■ EXERCISE DETAILS ■
Every entry should be duplicated verbatim, and no picture may appear in the copy.
*** RECORDS SHOWN ***
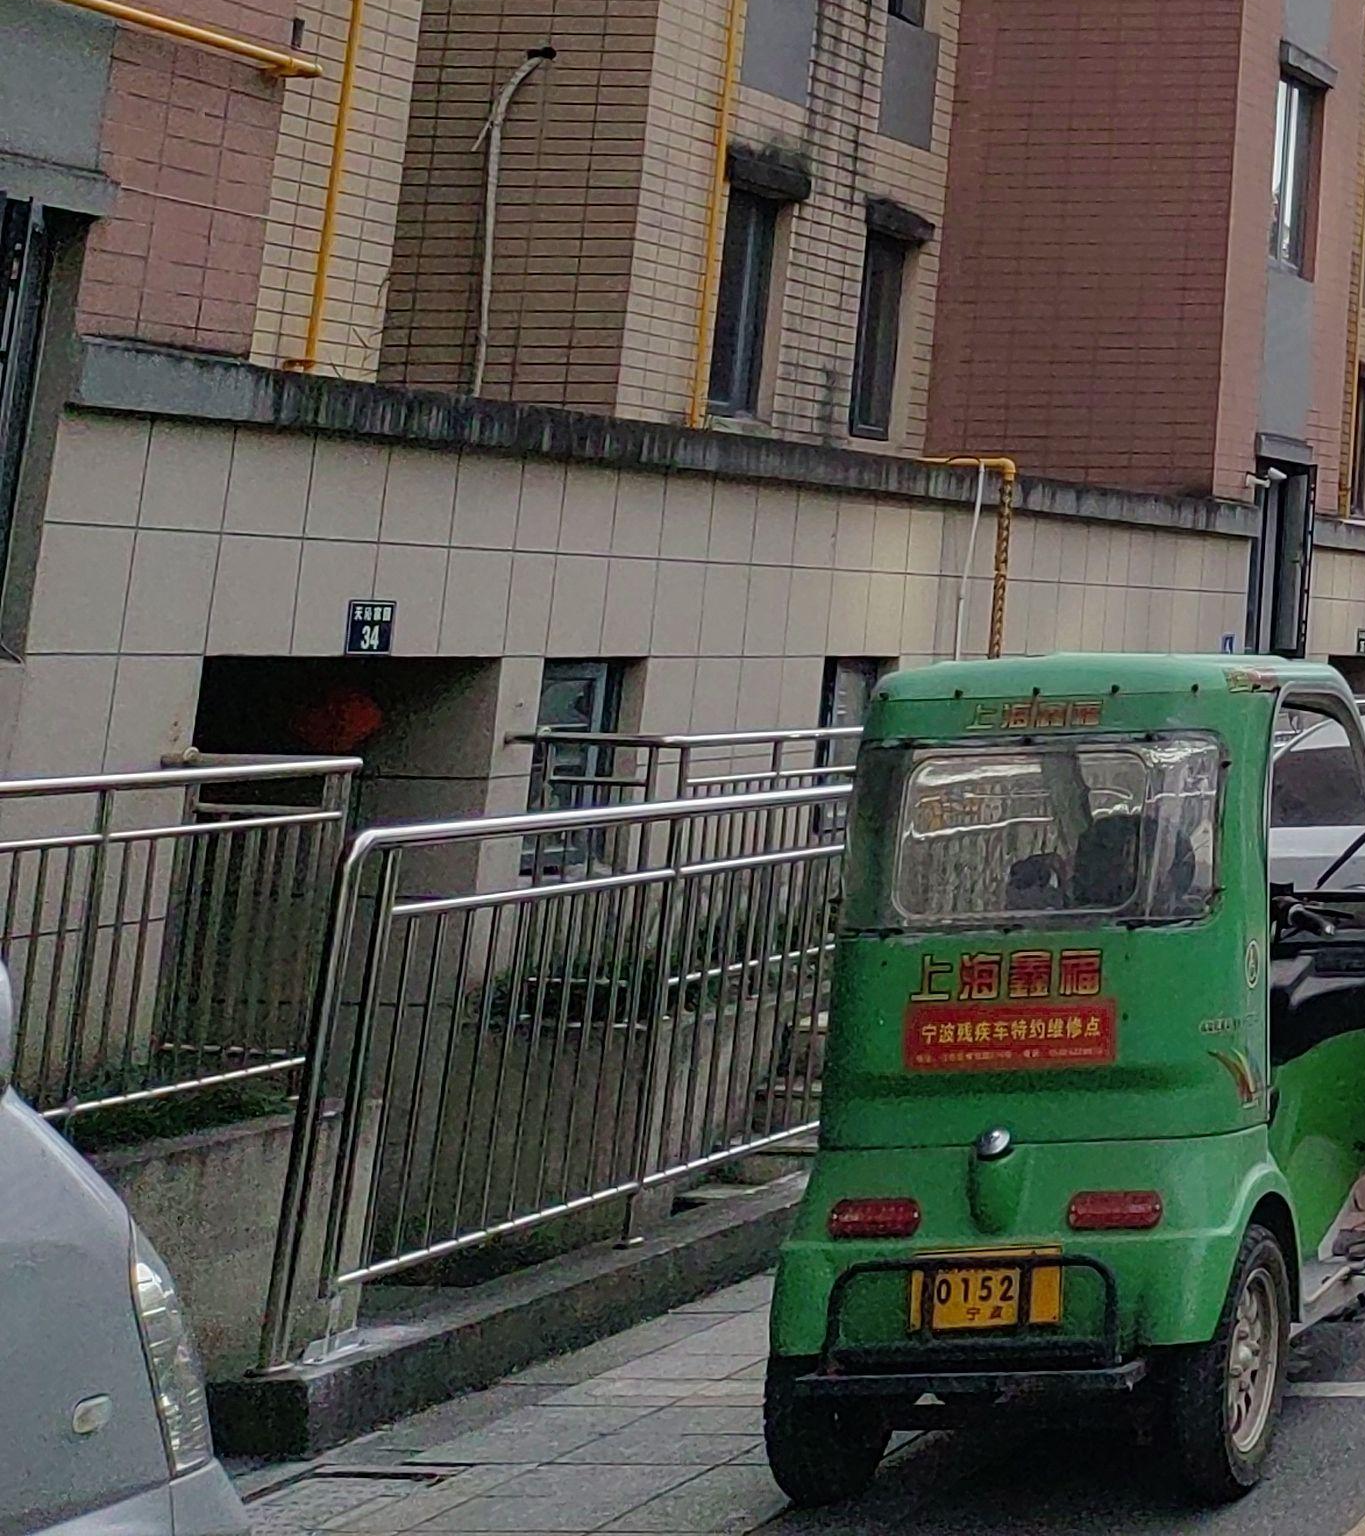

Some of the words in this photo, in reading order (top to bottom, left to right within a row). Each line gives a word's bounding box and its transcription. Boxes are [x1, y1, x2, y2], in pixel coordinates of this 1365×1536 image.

[360, 625, 380, 650] 34
[910, 949, 1102, 1002] 上海鑫福
[921, 1016, 1101, 1045] 宁波残疾车特约维修点
[936, 1275, 1014, 1304] 0152
***
■ EXERCISE RESPONSE ■
Some of the words in this photo, in reading order (top to bottom, left to right within a row). Each line gives a word's bounding box and its transcription. Boxes are [x1, y1, x2, y2], in pixel coordinates of this 1365×1536 image.

[360, 625, 380, 650] 34
[910, 949, 1102, 1002] 上海鑫福
[921, 1016, 1101, 1045] 宁波残疾车特约维修点
[936, 1275, 1014, 1304] 0152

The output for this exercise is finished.